"He might easily have been that? I had nothing but my younger son's portion and my pay; why, Nancy, I had an idea that I had told you that before."

"I dare say you did," reply I, readily, "but I like to hear it again."

Yet another pause.

"He is badly off now, then," say I, presently, with a faintly triumphant accent.

"About as badly off as it is possible to be," answers Roger, very gravely; "that is my business with his wife; she and I are trying to make an arrangement with his creditors, to enable him to come home."

"To come home!" echo I, raising my eyebrows in an artless astonishment; "but if he does come home, what will become of Algy and the rest of them?"

"The rest of whom?" asks Roger, but there is such a severity in his eye as he puts the question that it is not too much to say I dare not explain. The one thing hated of Roger's soul—the one thing for which he has no tolerance, and on which he brings to bear all the weight of his righteous wrath, is scandal. Not even me will he allow to nibble at a neighbor's fame.
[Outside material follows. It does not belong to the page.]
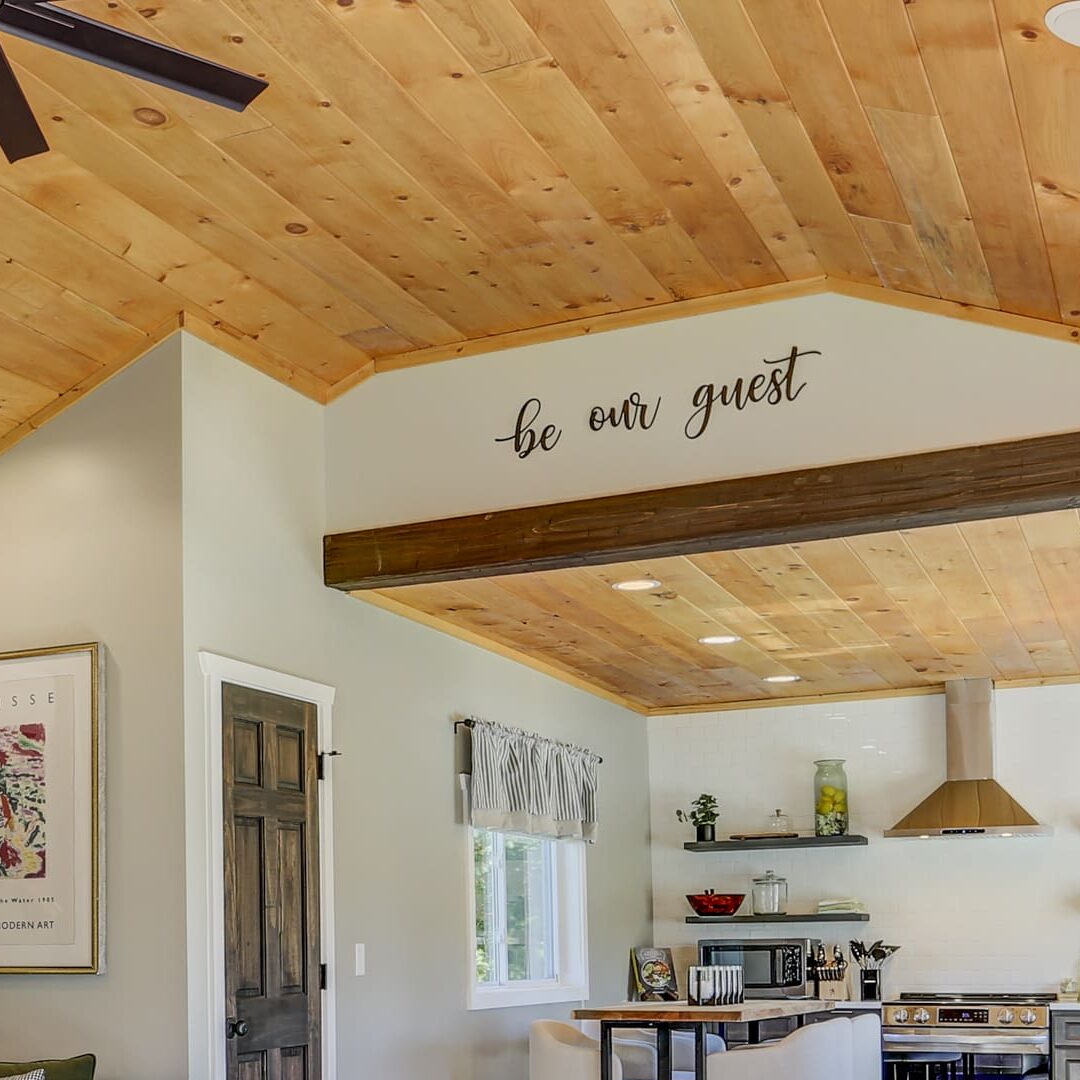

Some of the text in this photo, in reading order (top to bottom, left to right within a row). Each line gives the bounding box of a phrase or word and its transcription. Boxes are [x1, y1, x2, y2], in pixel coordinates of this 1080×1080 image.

"Is she much changed since you saw her last?" pursue I presently, with infantile guilelessness; "was her hair red then? some people say it used to be black!"

I raise my eyes to his face as I put this gentle query, in order the better to trace its effect; but the concern that I see in his countenance is so very much greater than any that I had intended to have summoned that I have no sooner hurled my dart than I repent me of having done it.

"Nancy!" he says, putting one hand under my chin, and stroking my hair with the other—"am I going to have a backbiting wife? Child! child! there was neither hatred nor malice in the little girl I found sitting at the top of the wall."